Вот я пришла домой, а на утро пошла на конюшню. Коня ко мне приводили, как поработают, а сбрую не приносят. Вот я пришла, взяла хомут и седелку, а возжей и нет, кто-то присвоил. Хожу, поглядываю. Нашла и возжи у Леньки Сергеева, тот парень, гляди. Запрягла я коня, взяла Петю с собой, да Лиду. Ане тяжело с двоими-то водиться. Вот и поехала в Латвию. В первый день не нашла, поехала на второй день и купила корову, да еще восемь пудов хлеба, да два пуда мяса. Да, выговорила коня сена навозить, когда накошу на корову. И согласился хозяин как я сказала. Как мужа взяли на фронт, все стали говорить: "Ахти тошно, как будет Дуська жить, вот пропала-то."

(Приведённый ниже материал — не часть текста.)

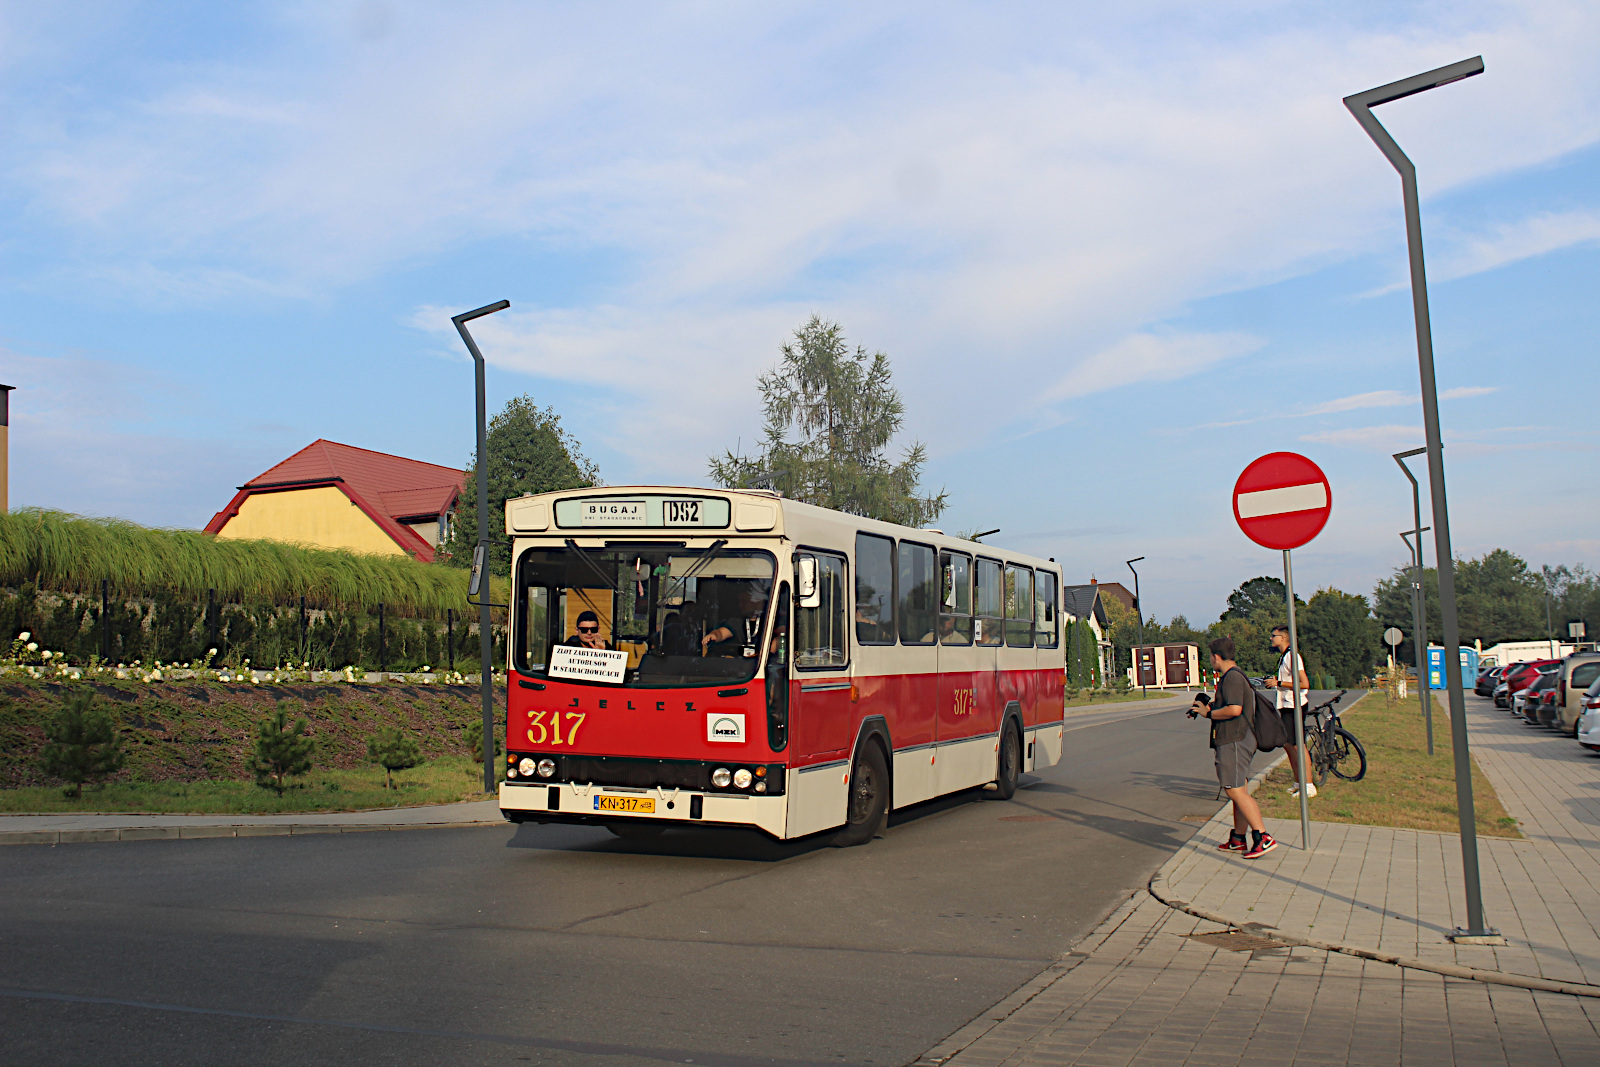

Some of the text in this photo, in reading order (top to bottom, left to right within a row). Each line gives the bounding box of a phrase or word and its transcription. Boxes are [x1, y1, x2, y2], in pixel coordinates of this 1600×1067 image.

[589, 505, 638, 514] BUGAJ
[669, 501, 699, 522] DS2
[573, 649, 622, 660] ZABYTKOWYCH
[568, 658, 608, 667] AUTOBUSÓW
[560, 666, 620, 678] STARACHOWICACH
[568, 698, 697, 711] JELCZ
[954, 688, 969, 715] 317
[527, 710, 586, 746] 317

А как раз был такой старичок, бедный. Его вроде придурком считали, а он был не дурак. Вот он и говорит: "Каждый потужит, чтобы тебе было хуже." Вот я его пословицу и сейчас помню. И всё истинная правда. Меня жалели, а коня надо отобрать. Привела я корову в августе месяце, число не знаю. Пошла, опять в сельсовет и говорю: "Как бы покосить на корову, можно по лесу хотя бы." А председатель и говорит, что иди и коси вот туда-то, там мол всё не кошено. Я и пошла туда косить, брала я с собой Петю и Лиду. Петю учила косить, ему был одиннадцатый год. А Лида лежала на кочке. Она была очень плохая маленькая. Накошу травы, да и положу ее. И спит на воздухе-то. Закеркает — посошу и опять спит. А Аня с Колей водилася. Столько я накосила копен и думаю, как бы скорее перевозить. Как увидят, то украдут, пожалеют, как говорил старик. Я скорее в Латвию, взяла коня, да и всё перевозила . Столь много накосила, и на корову и на овцу хватило. Всё в один день доставила сено. Петю научила как воз накладать, а я подавала. Вот так и помогали, пока до школы.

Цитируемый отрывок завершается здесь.